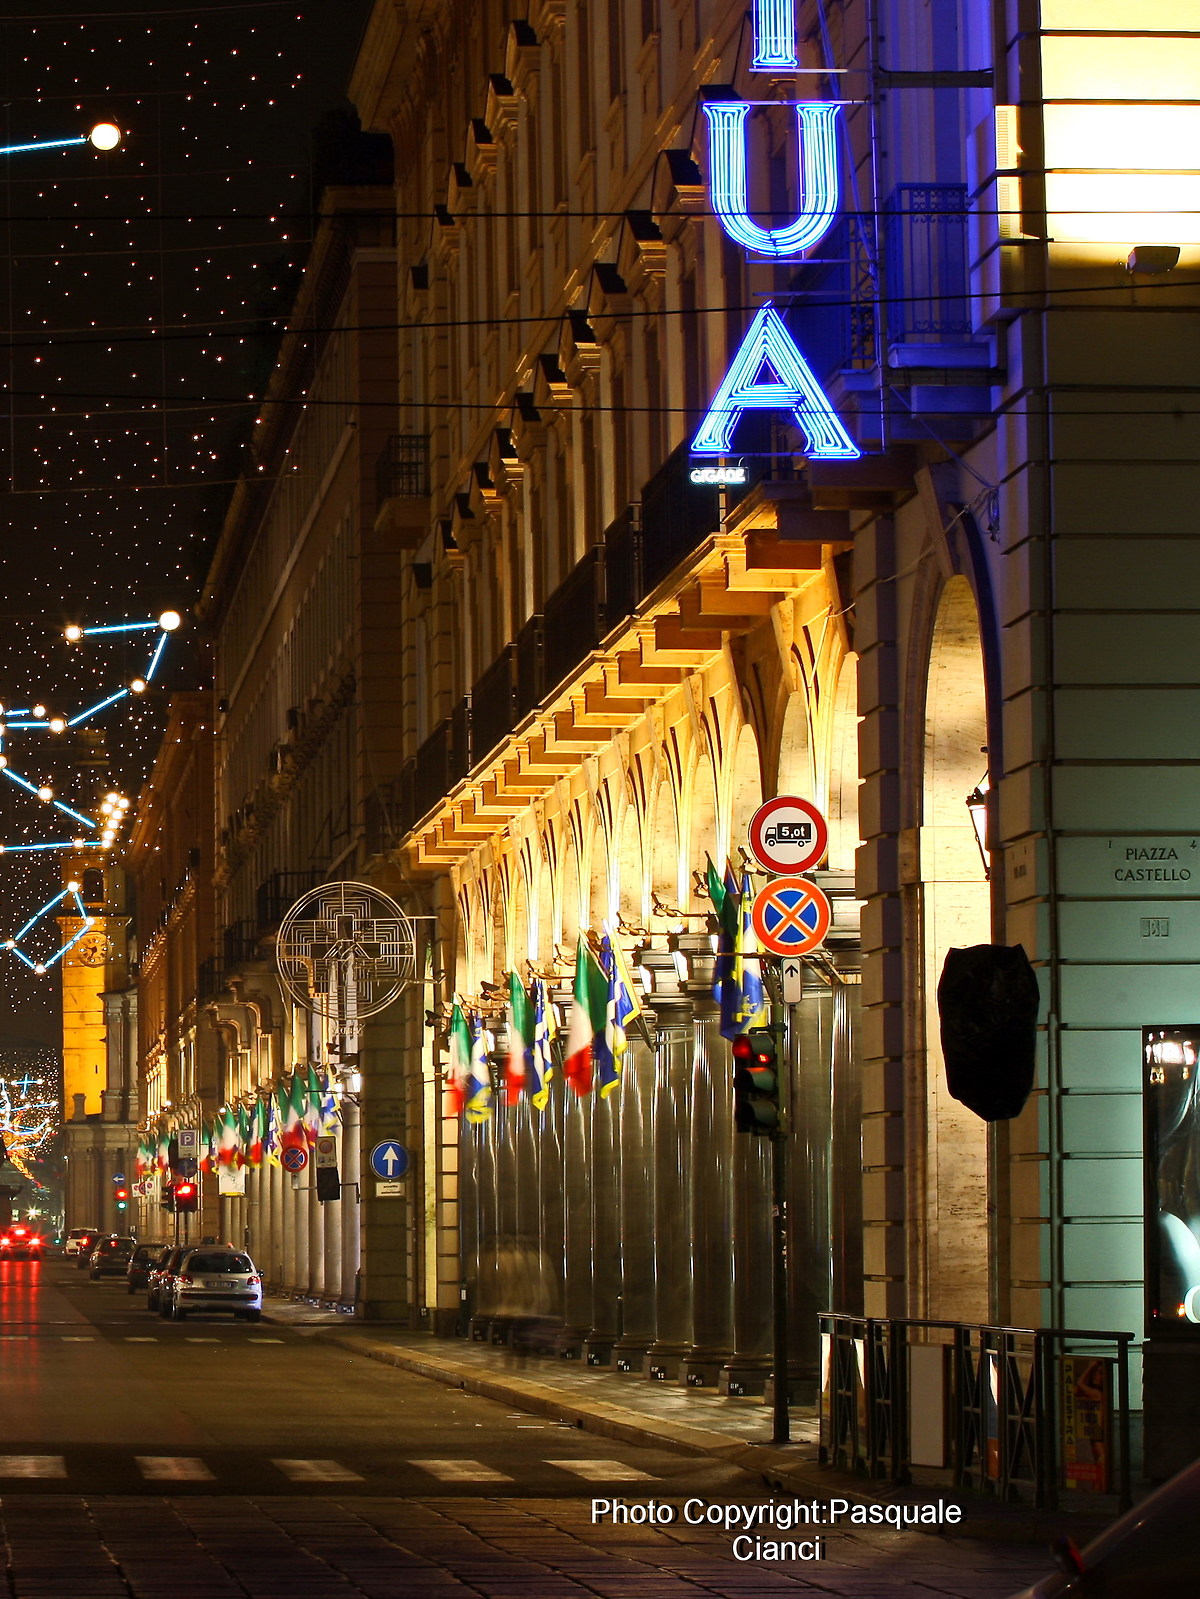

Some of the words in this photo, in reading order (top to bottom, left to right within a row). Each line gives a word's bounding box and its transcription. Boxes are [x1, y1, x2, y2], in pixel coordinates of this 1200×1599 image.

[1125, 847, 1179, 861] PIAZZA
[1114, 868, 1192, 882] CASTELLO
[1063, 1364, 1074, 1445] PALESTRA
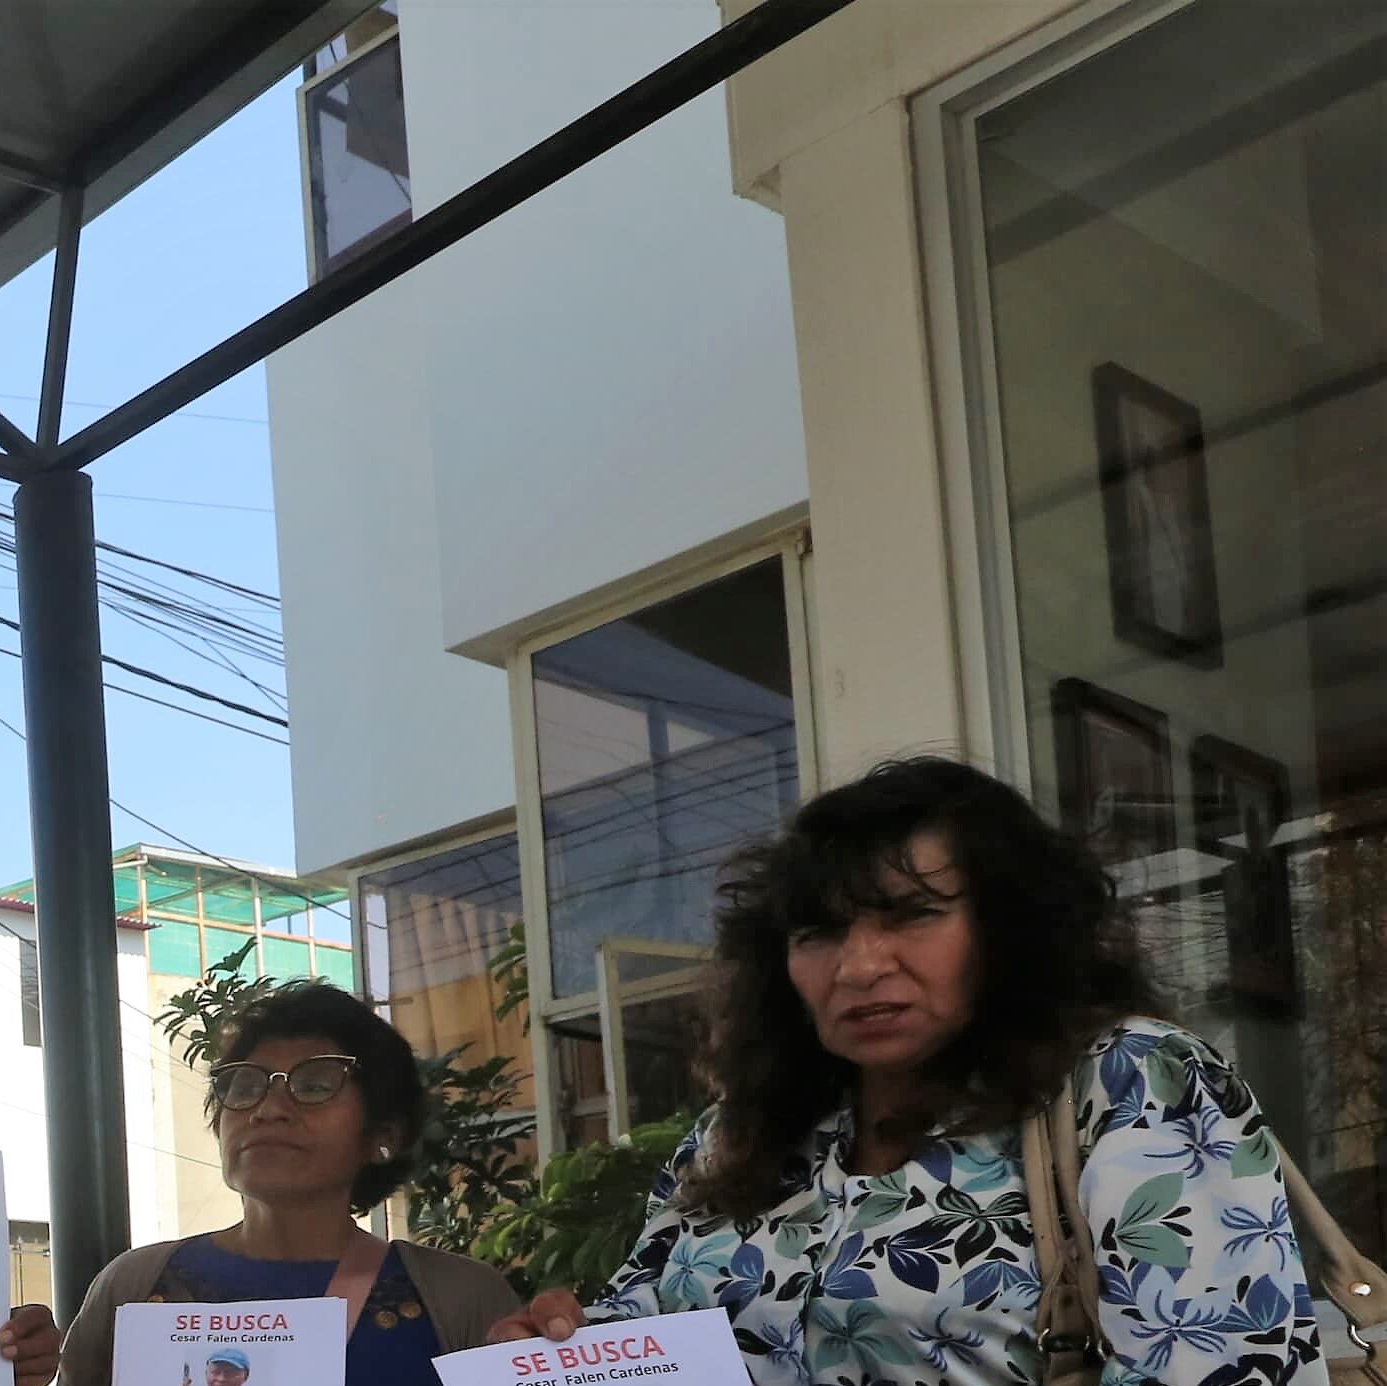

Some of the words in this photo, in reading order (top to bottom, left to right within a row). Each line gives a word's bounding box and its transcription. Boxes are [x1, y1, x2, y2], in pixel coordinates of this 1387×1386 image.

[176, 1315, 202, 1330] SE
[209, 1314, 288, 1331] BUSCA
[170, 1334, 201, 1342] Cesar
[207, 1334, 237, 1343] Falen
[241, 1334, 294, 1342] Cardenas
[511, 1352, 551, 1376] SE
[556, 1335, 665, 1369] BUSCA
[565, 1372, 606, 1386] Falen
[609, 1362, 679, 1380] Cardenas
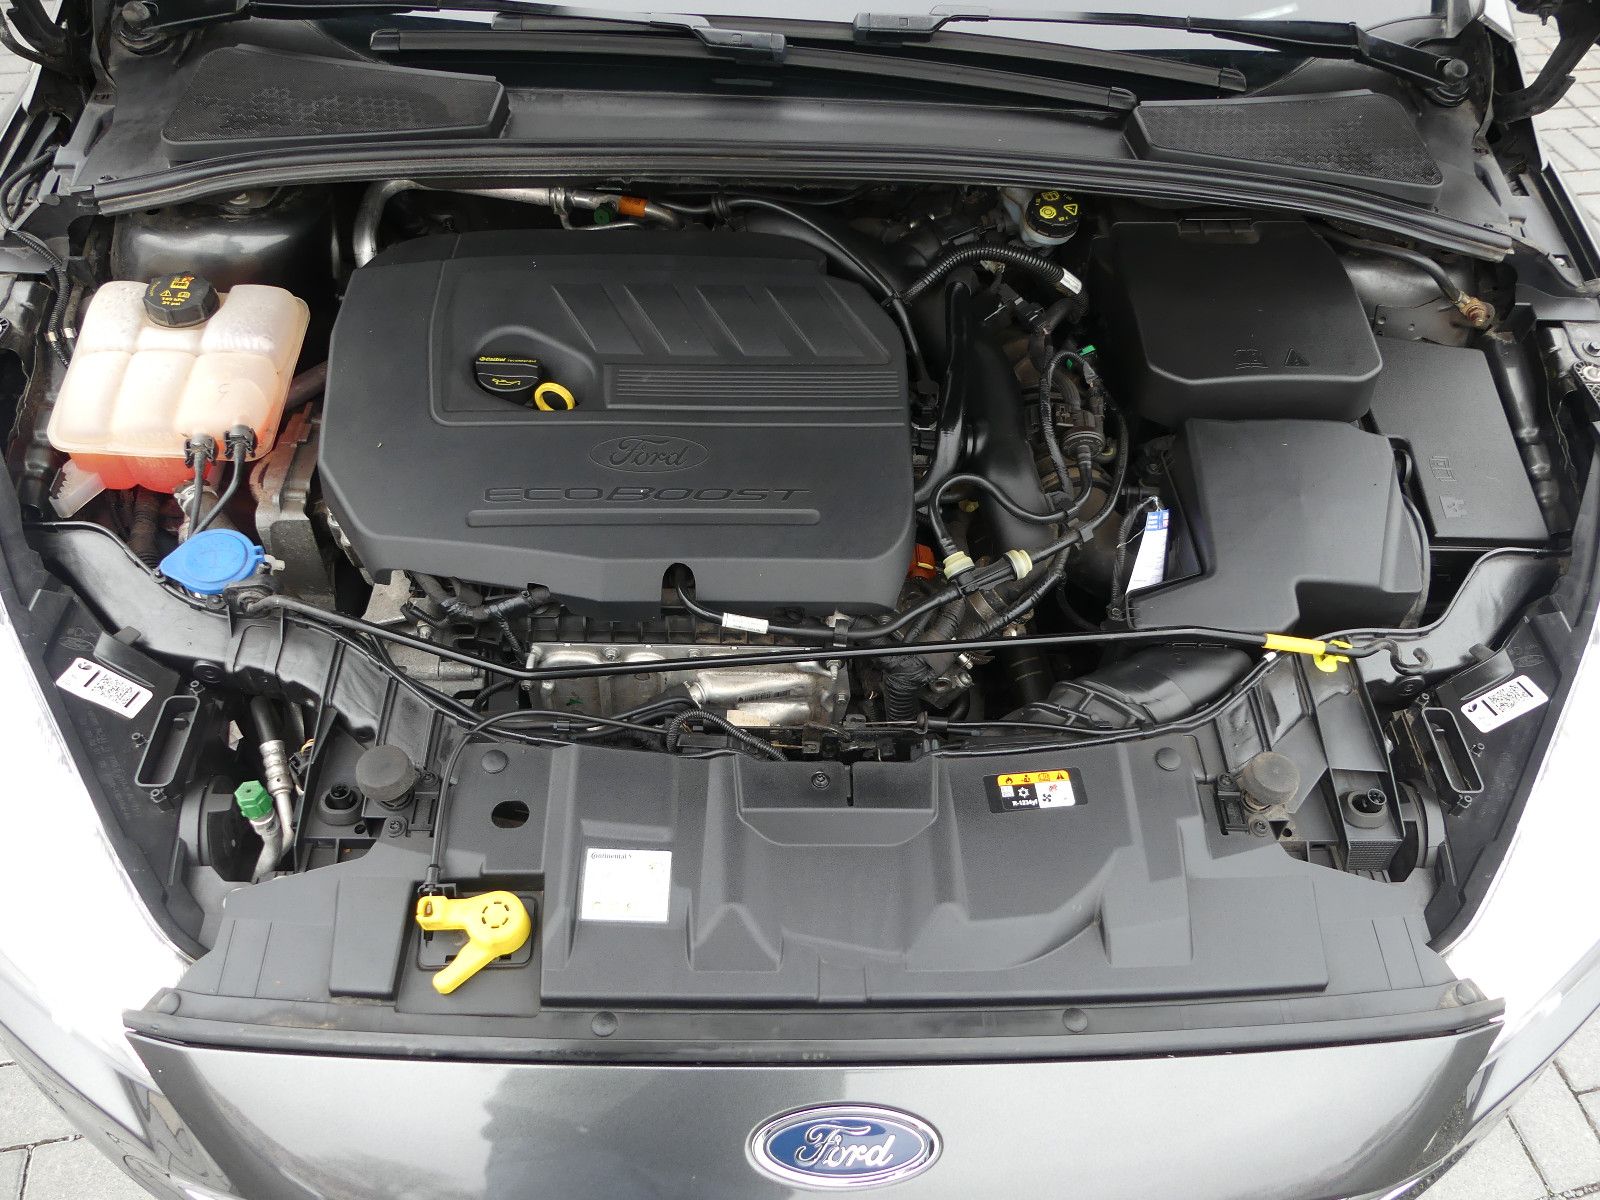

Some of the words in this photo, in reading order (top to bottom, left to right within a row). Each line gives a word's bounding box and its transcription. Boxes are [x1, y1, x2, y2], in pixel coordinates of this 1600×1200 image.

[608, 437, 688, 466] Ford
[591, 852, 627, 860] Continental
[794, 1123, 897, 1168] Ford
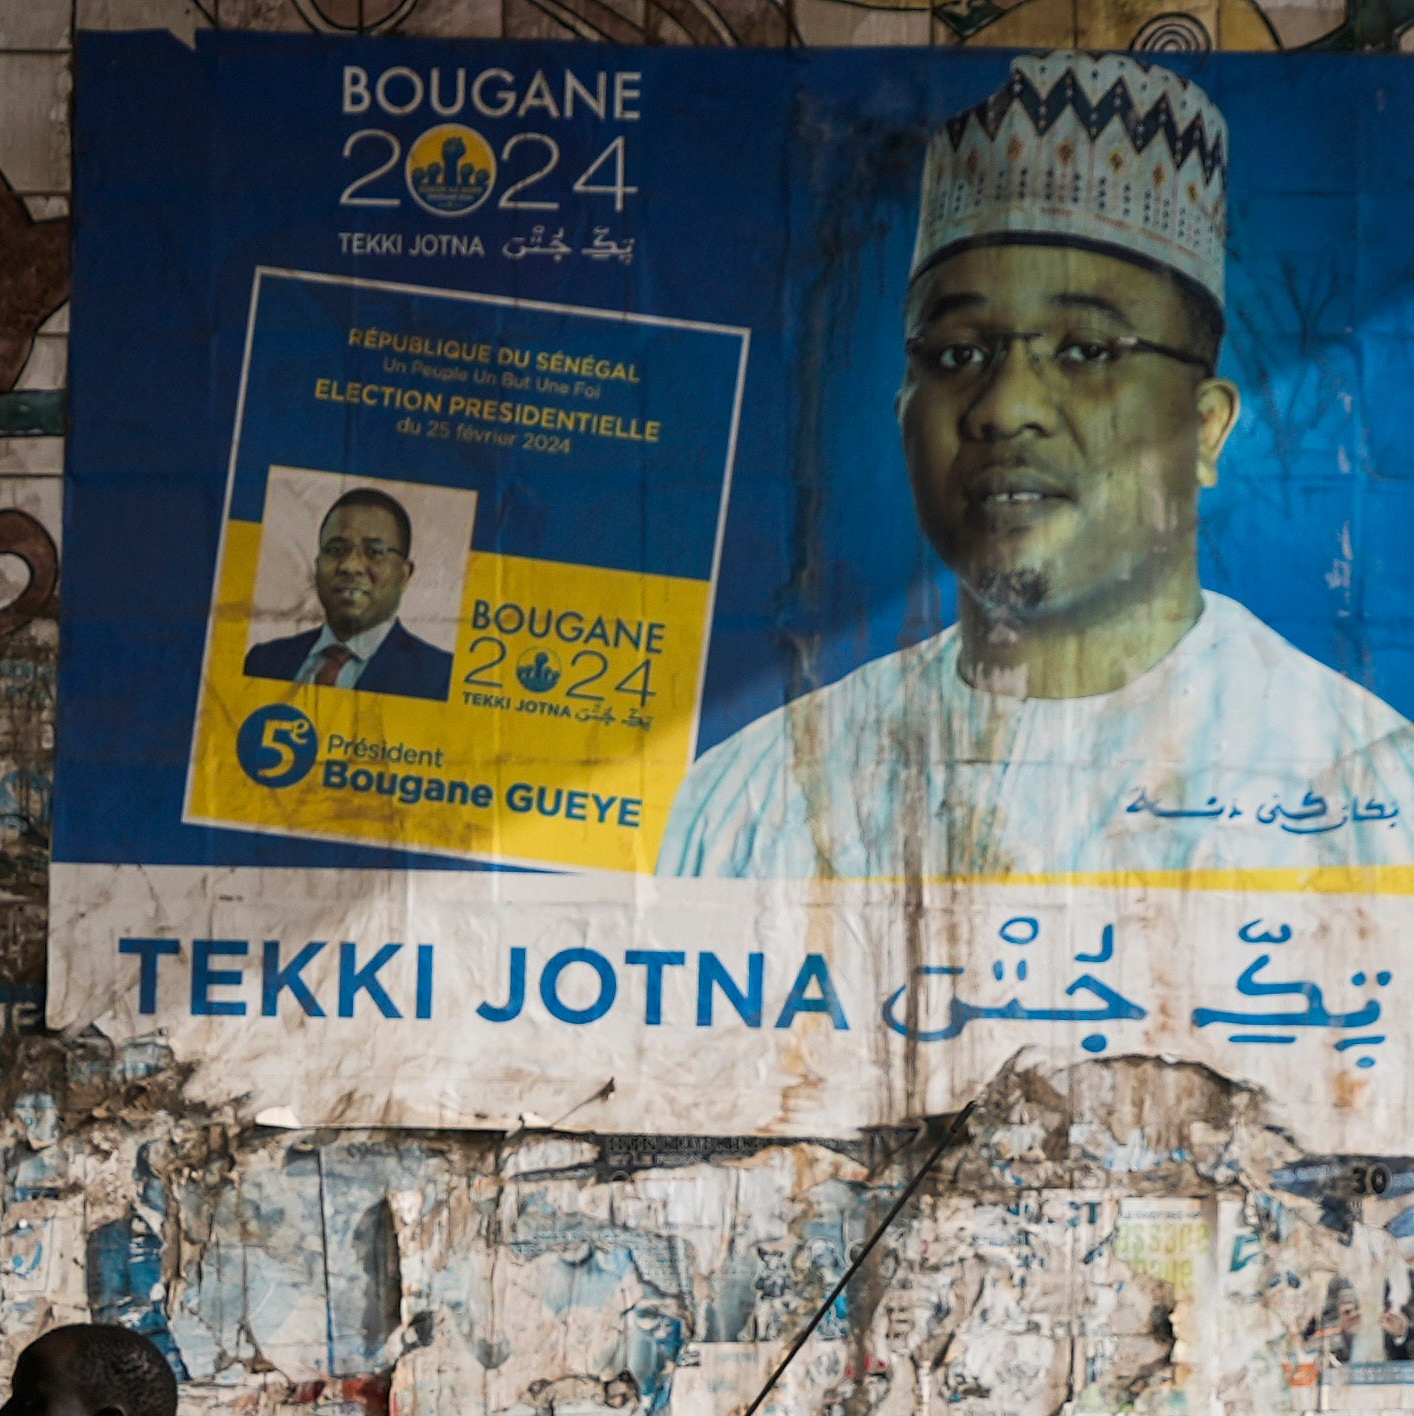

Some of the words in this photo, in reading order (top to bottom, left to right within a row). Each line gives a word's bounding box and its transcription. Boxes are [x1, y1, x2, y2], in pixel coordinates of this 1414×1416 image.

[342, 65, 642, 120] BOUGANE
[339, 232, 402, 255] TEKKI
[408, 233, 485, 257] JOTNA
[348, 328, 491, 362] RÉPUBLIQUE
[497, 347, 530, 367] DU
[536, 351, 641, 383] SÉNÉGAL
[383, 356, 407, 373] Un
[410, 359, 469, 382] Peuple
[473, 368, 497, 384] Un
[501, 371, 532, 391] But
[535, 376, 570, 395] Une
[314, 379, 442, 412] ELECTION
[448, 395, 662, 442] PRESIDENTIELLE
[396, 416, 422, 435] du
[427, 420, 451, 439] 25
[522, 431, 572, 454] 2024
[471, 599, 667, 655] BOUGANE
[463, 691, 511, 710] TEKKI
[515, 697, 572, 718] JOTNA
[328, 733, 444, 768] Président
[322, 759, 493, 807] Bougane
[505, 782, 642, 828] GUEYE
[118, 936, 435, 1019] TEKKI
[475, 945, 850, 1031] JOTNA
++++++++++
→ What you should do:
Retype exactly the lines from the one containing "this 1414×1416 image." through the last line of the records above, including both.

→ Exercise result:
Some of the words in this photo, in reading order (top to bottom, left to right within a row). Each line gives a word's bounding box and its transcription. Boxes are [x1, y1, x2, y2], in pixel coordinates of this 1414×1416 image.

[342, 65, 642, 120] BOUGANE
[339, 232, 402, 255] TEKKI
[408, 233, 485, 257] JOTNA
[348, 328, 491, 362] RÉPUBLIQUE
[497, 347, 530, 367] DU
[536, 351, 641, 383] SÉNÉGAL
[383, 356, 407, 373] Un
[410, 359, 469, 382] Peuple
[473, 368, 497, 384] Un
[501, 371, 532, 391] But
[535, 376, 570, 395] Une
[314, 379, 442, 412] ELECTION
[448, 395, 662, 442] PRESIDENTIELLE
[396, 416, 422, 435] du
[427, 420, 451, 439] 25
[522, 431, 572, 454] 2024
[471, 599, 667, 655] BOUGANE
[463, 691, 511, 710] TEKKI
[515, 697, 572, 718] JOTNA
[328, 733, 444, 768] Président
[322, 759, 493, 807] Bougane
[505, 782, 642, 828] GUEYE
[118, 936, 435, 1019] TEKKI
[475, 945, 850, 1031] JOTNA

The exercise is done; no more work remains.